Use ‘res’ to store the maximum experience that ninja can gain. Initially, ninja focuses on attending the first ‘K’ days starting from day ‘0’ (to ‘K - 1’). Calculate the total experience gained and store it in ‘res’. Now, focus on the next ‘K’ days starting from day ‘1’ (to ‘K’), and if the total experience gained is more than ‘res’, then update ‘res’. Similarly, find the experience gained for each such combination until the last ‘K’ days, each time updating the value of ‘res’.

Find the experience gained without requiring any focus(non-busy days) and store it in ‘directExp’.To find the experience gained after focusing on any ‘K’ days, iterate through the ‘K’ days and only add experiences of those days when ninja was busy to ‘directExp’ (as ‘directExp’ already stores the experience gained on non-busy days).

- Initialize ‘res’ to ‘INT_MIN’. Use ‘res’ to store the answer. ‘INT_MIN’ is the lowest possible integer value.
- Initialize ‘directExp = 0’. Use to store the experience gained on non-busy days.
- Run a loop where ‘i’ ranges from ‘0’ to ‘n - 1’:
- If ‘BUSY[i]’ is equal to 0, then:
- ‘directExp += EXP[i]’

- If ‘BUSY[i]’ is equal to 0, then:
- Run a loop where ‘i’ ranges from ‘0’ to ‘N - K’:
- ‘curExp = directExp’. Use to find the experience gained from busy days if ninja focusses from the day ‘i’ to ‘i + K - 1’.
- Run a loop where ‘j’ ranges from ‘i’ to ‘i + K - 1’:
- If ‘BUSY[j]’ is equal to 1, then:
- ‘curExp += EXP[j]’

- If ‘BUSY[j]’ is equal to 1, then:
- If ‘curExp’ is greater than ‘res’, then:
- ‘res = curExp’.

- Return ‘res’ as the answer.

Let ‘directExp’ be the experience gained without requiring any focus (non-busy days), and ‘focusExp’ be the maximum experience gained on busy days from a window of ‘K’ consecutive days.

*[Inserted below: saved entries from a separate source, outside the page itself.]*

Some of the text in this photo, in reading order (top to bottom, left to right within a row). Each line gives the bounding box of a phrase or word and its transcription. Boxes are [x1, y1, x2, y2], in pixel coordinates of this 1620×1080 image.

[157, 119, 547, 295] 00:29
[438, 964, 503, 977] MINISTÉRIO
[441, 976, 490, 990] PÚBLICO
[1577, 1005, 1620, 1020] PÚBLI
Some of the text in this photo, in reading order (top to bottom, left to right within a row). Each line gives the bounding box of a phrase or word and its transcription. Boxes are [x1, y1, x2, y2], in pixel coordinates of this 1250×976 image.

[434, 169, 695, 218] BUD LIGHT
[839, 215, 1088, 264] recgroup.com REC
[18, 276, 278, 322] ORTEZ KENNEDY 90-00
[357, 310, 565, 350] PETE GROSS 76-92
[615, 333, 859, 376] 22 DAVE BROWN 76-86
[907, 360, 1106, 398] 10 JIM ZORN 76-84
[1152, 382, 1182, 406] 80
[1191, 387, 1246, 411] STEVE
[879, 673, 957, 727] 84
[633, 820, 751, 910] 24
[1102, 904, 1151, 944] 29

So, the maximum experience that ninja can gain is equal to ‘directExp + focusExp’. Calculate ‘directExp’ and after that for all non-busy days set ‘EXP[i] = 0’.

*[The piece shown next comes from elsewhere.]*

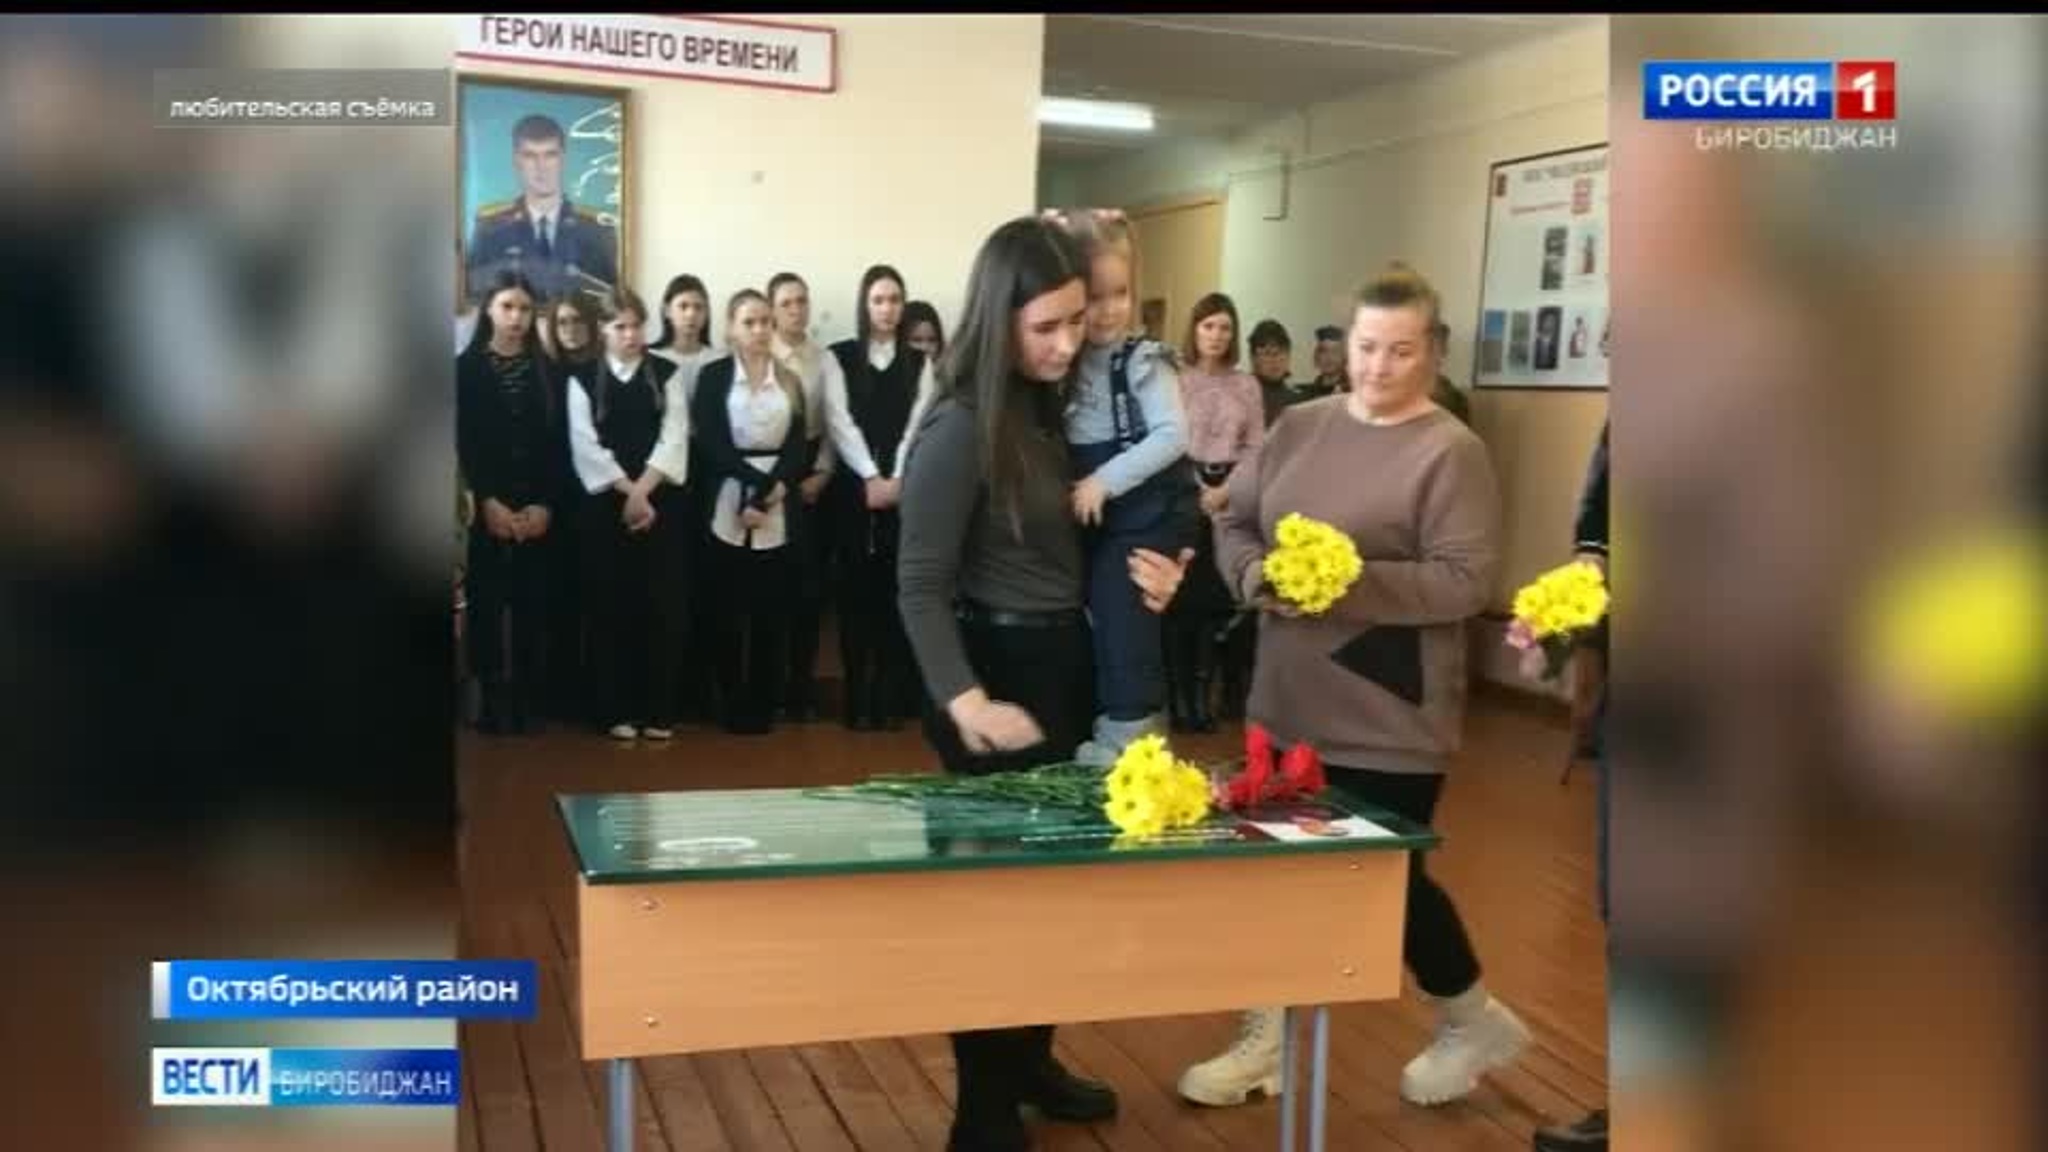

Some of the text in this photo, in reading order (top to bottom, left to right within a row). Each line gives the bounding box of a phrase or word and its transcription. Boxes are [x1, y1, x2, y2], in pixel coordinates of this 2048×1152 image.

[480, 16, 799, 73] ГЕРОИ НАШЕГО ВРЕМЕНИ

As ‘EXP[i] = 0’ for non-busy days, the experience gained on busy days from:

Day 0 to ‘K - 1’ = ‘curExp’ = ‘summation of EXP[i]’ where ‘i’ ranges from 0 to ‘K - 1’.

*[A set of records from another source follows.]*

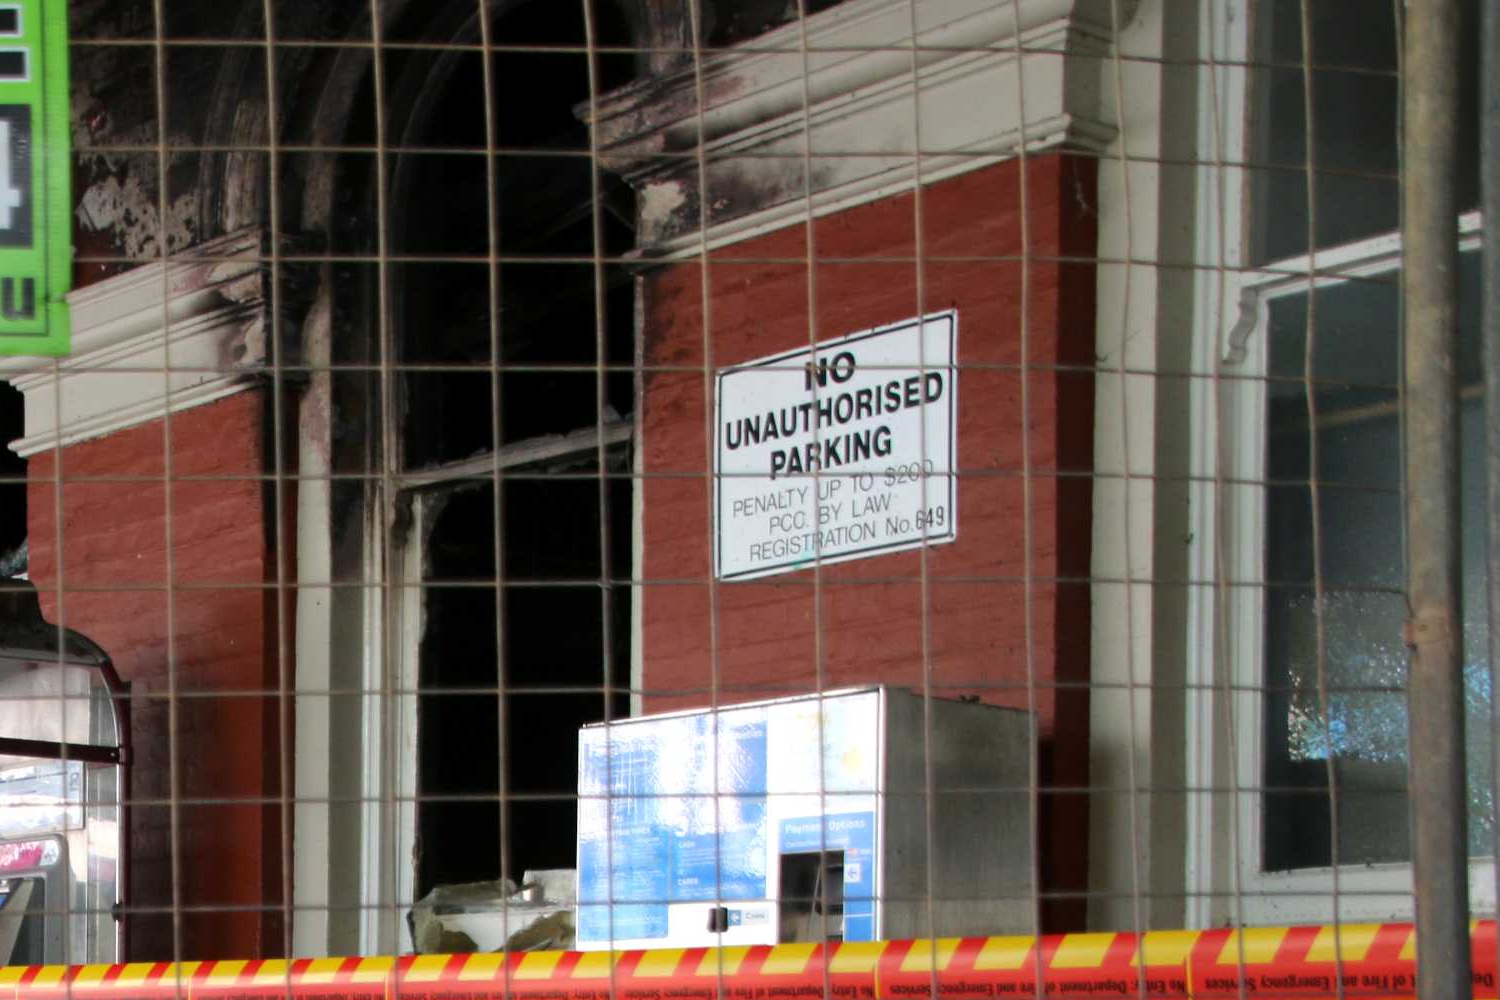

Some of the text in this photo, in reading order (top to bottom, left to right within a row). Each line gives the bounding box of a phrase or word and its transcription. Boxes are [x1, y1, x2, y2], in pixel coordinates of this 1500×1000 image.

[804, 351, 857, 392] NO
[725, 371, 944, 450] UNAUTHORISED
[770, 425, 893, 481] PARKING
[732, 458, 934, 519] PENALTY UP TO $200
[817, 502, 843, 526] BY
[851, 491, 893, 520] LAW
[749, 505, 945, 562] REGISTRATION No. 649
[1061, 979, 1129, 994] Department
[1204, 977, 1258, 992] Sevices
[1262, 975, 1330, 991] Emergency
[1363, 975, 1389, 990] Fire
[1394, 975, 1408, 990] of

Day 1 to ‘K’ = ‘curExp - EXP[0] + EXP[k]’

Update ‘curExp = curExp - EXP[0] + EXP[k]’.

Day 2 to ‘K + 1’ = ‘curExp - EXP[1] + EXP[K + 1]’, and so on.

Similarly, move this window of ‘K’ days until the last ‘K’ days and store the maximum value of ‘curExp’ in ‘focusExp’.

- Initialize ‘directExp = 0’. Use to store the experience gained on non-busy days.
- Run a loop where ‘i’ ranges from ‘0’ to ‘N - 1’:
- If ‘BUSY[i]’ is equal to 0, then:
- ‘directExp += EXP[i]’
- ‘EXP[i] = 0’

- If ‘BUSY[i]’ is equal to 0, then:
- Initialize ‘focusExp’ to ‘0’. Use it to store the maximum experience gained on busy days from a window of ‘K’ consecutive days.
- ‘curExp = summation of EXP[i]’ where ‘i’ ranges from 0 to ‘K - 1’.
- ‘focusExp = curExp’.
- Run a loop where ‘i’ ranges from ‘1’ to ‘N - K’:
- ‘curExp = curExp - EXP[i -1] + EXP[i + K - 1]’
- If ‘curExp’ is greater than ‘focusExp’, then:
- ‘focusExp = curExp’.

- Return ‘directExp + focusExp’ as the answer.